According to the U.S. Bureau of Labor Statistics, Montana had 8,500 RNs in 2010. It is likely that many more RNs will be needed in the future in the state. A report describing the healthcare workforce in Montana prepared by the Montana Healthcare Workforce Advisory Committee, predicts that nearly 3,000 more RNs will be needed in the state by 2020. The report stated that Montana residents will be the third oldest in the nation, on average, by 2020.
Montana's large size and low population makes recruitment and retention of RNs and other healthcare professionals especially challenging. Education is often inaccessible in the most rural and underserved areas of the state. However, if you're interested in moving from an RN to BSN degree, there are numerous accredited online programs available. Some are open to students living in any state.
Schools to consider
Salish Kootenai College (Pablo). Students can complete the program on a full-time or part-time basis. Courses are offered as a hybrid online program with some mandatory campus attendance.
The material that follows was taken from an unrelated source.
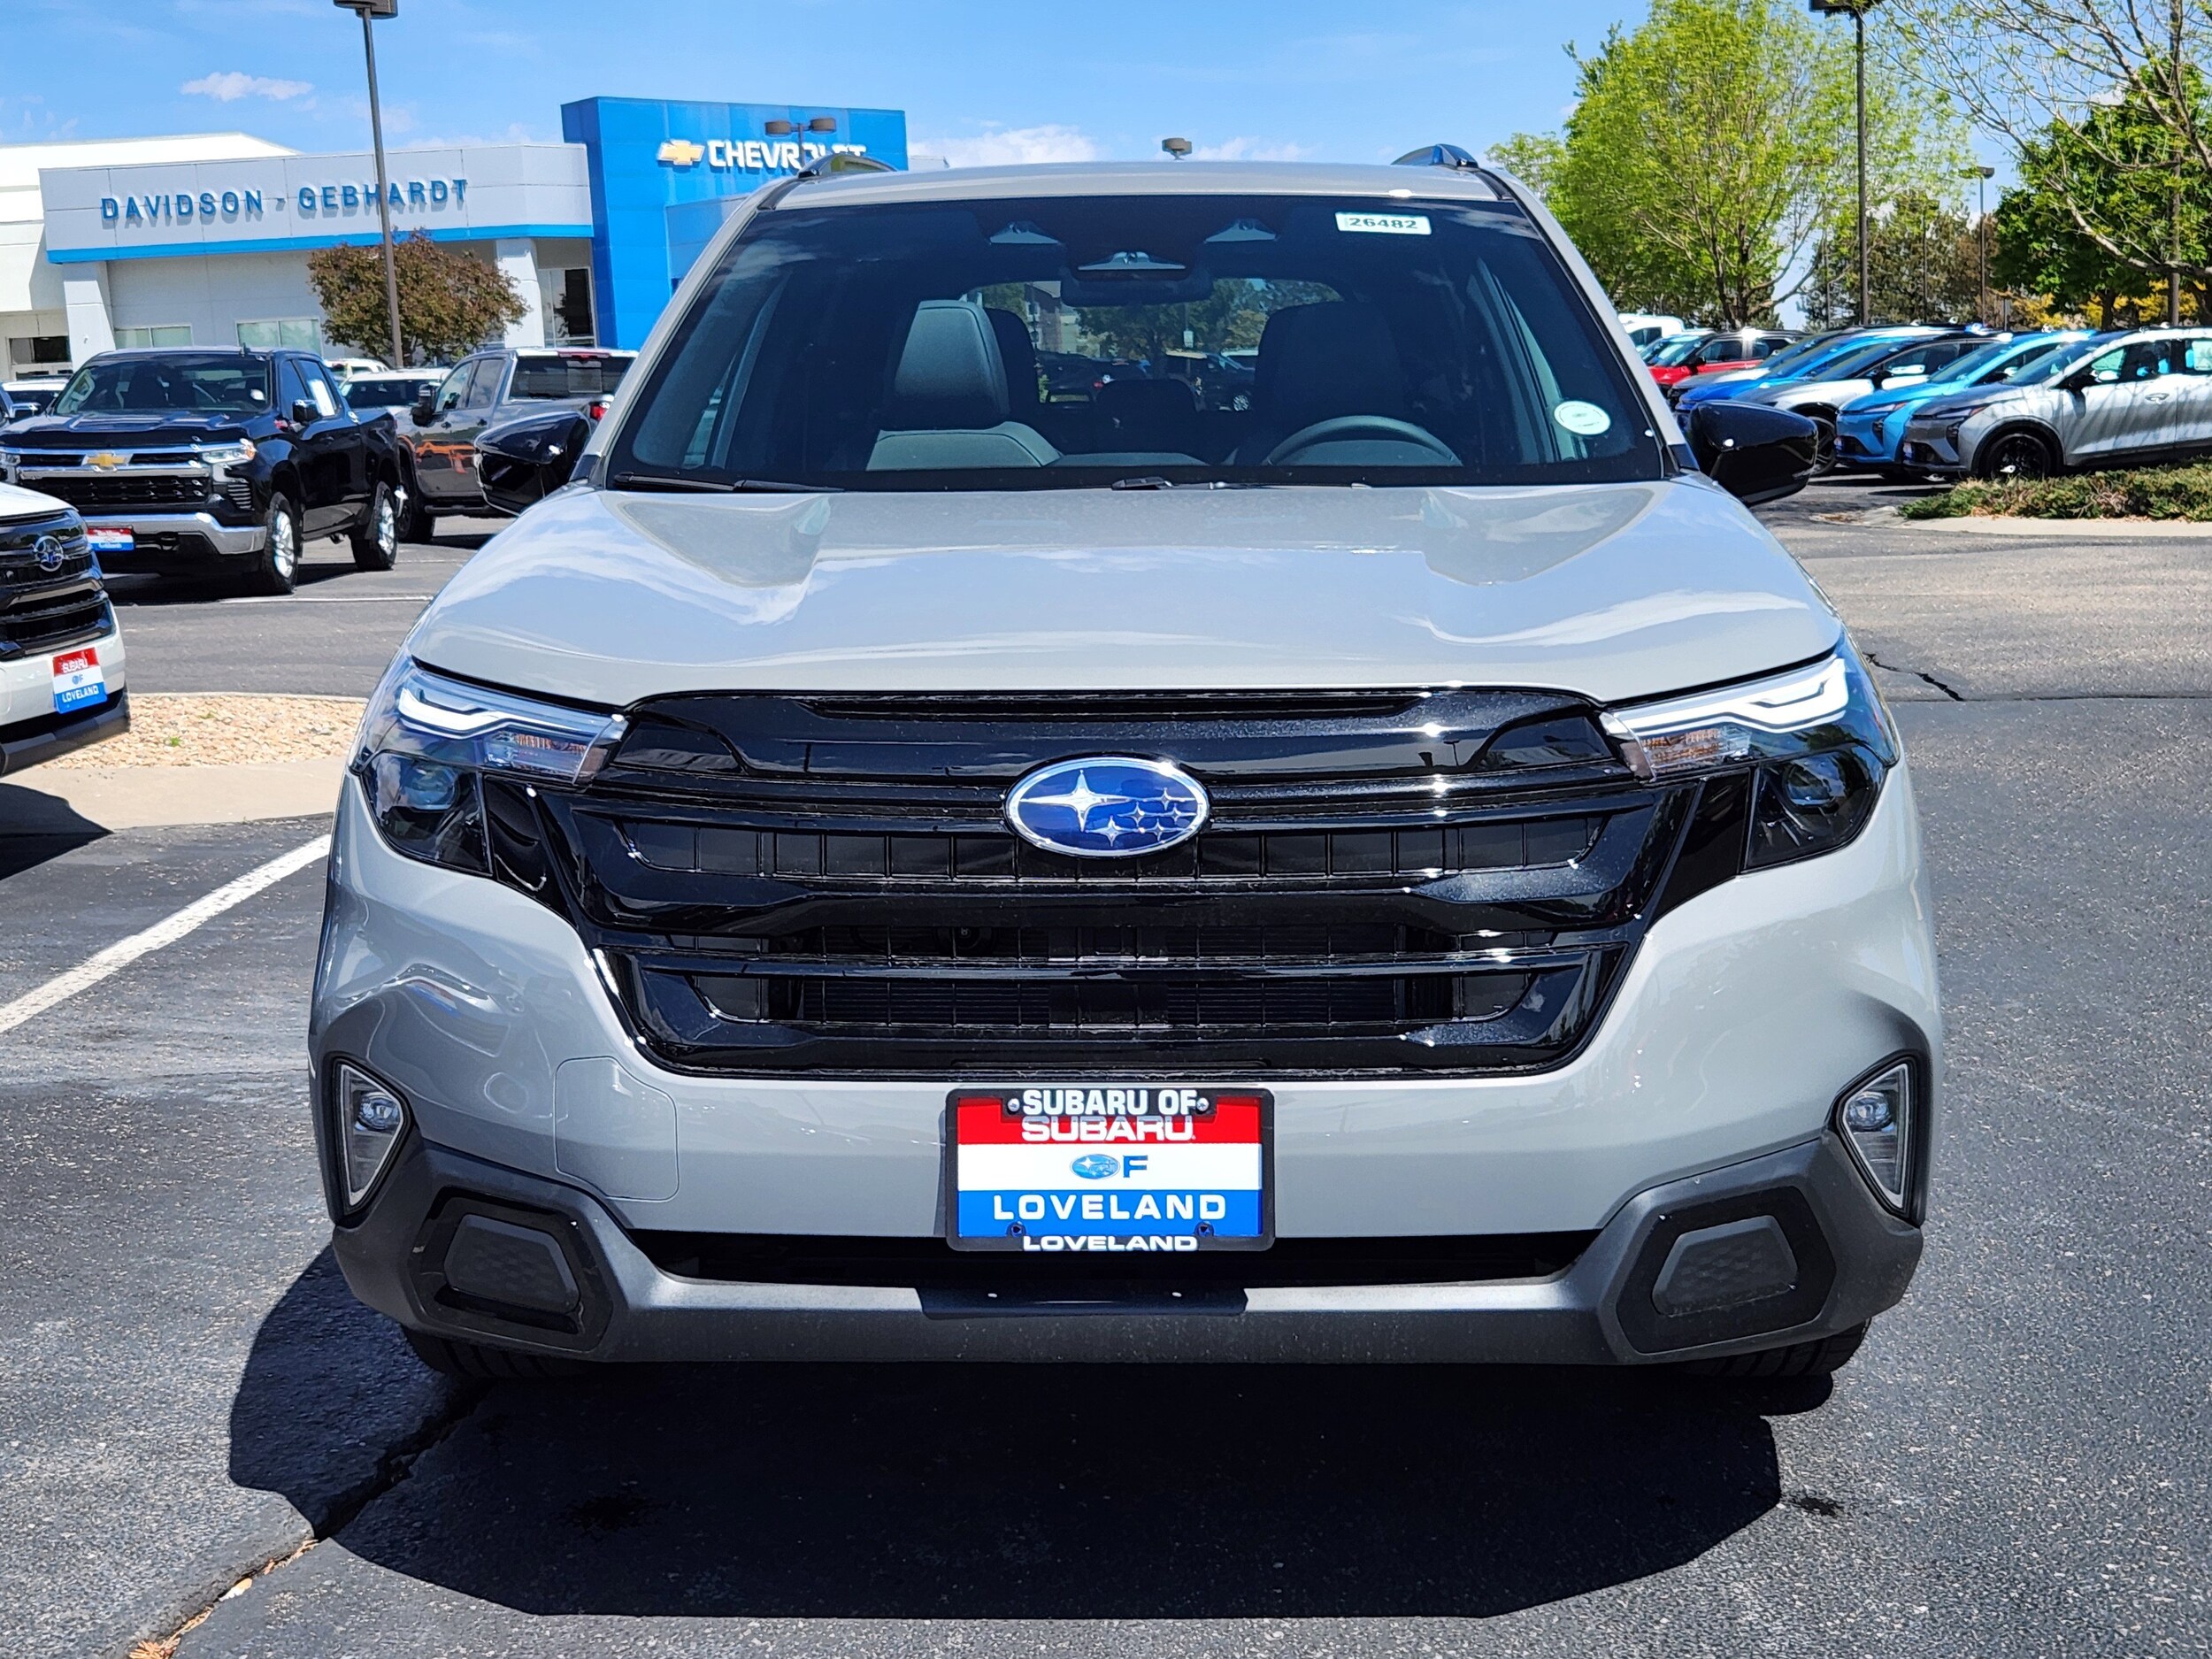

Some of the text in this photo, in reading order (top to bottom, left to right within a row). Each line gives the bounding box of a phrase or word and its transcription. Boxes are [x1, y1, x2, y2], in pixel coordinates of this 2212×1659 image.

Three classes require clinical time at institutional or community-based agencies with preceptors. Clinical time can be arranged near the student's home with faculty approval.
Montana Tech of the University of Montana (Butte). The program is open to Montana-licensed RNs with associate degrees. The nursing classes may be completed in two semesters, although the entire program takes four semesters. Classes include business writing, nursing research, care of the aging patient, and nursing across the healthcare continuum.
Western Governors University (Salt Lake City, UT). Online students are accepted from every state. The program can be completed on a full-time or part-time basis. Most students graduate in 18 to 24 months. The program requires 90 contact hours of mentor-guided clinical experience in a community or public health setting and is open to students in all states.